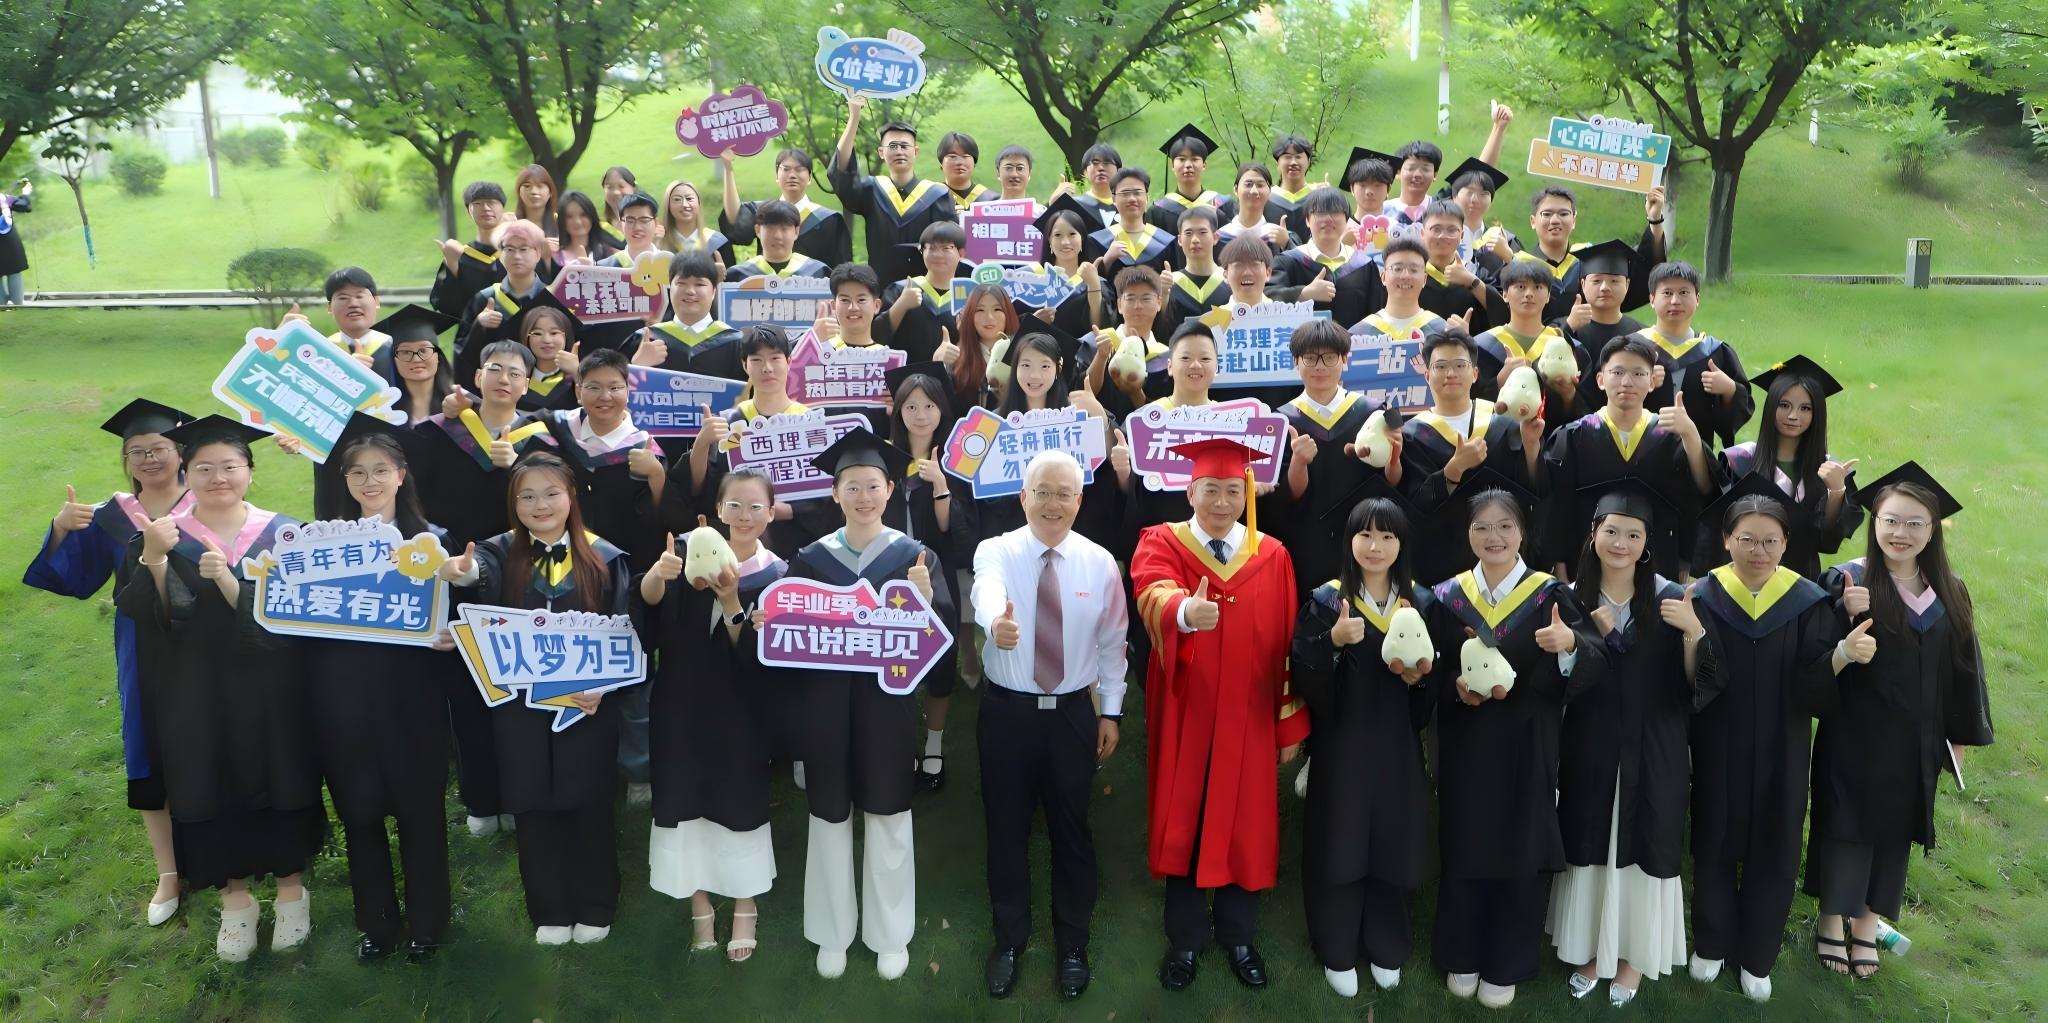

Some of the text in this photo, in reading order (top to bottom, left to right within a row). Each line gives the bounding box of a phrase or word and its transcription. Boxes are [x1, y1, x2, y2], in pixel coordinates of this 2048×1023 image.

[1557, 126, 1644, 158] 心向阳光
[1559, 153, 1639, 184] 不负韶华
[998, 426, 1082, 456] 轻舟前行
[280, 539, 392, 576] 青年有为
[265, 580, 423, 627] 热爱有光
[776, 591, 858, 616] 毕业季
[488, 631, 635, 677] 以梦为马
[770, 623, 920, 660] 不说再见

**Aim of the task:** First drop every picture, then print the data above exactly as it stands.

**Answer box:**
Some of the text in this photo, in reading order (top to bottom, left to right within a row). Each line gives the bounding box of a phrase or word and its transcription. Boxes are [x1, y1, x2, y2], in pixel coordinates of this 2048×1023 image.

[1557, 126, 1644, 158] 心向阳光
[1559, 153, 1639, 184] 不负韶华
[998, 426, 1082, 456] 轻舟前行
[280, 539, 392, 576] 青年有为
[265, 580, 423, 627] 热爱有光
[776, 591, 858, 616] 毕业季
[488, 631, 635, 677] 以梦为马
[770, 623, 920, 660] 不说再见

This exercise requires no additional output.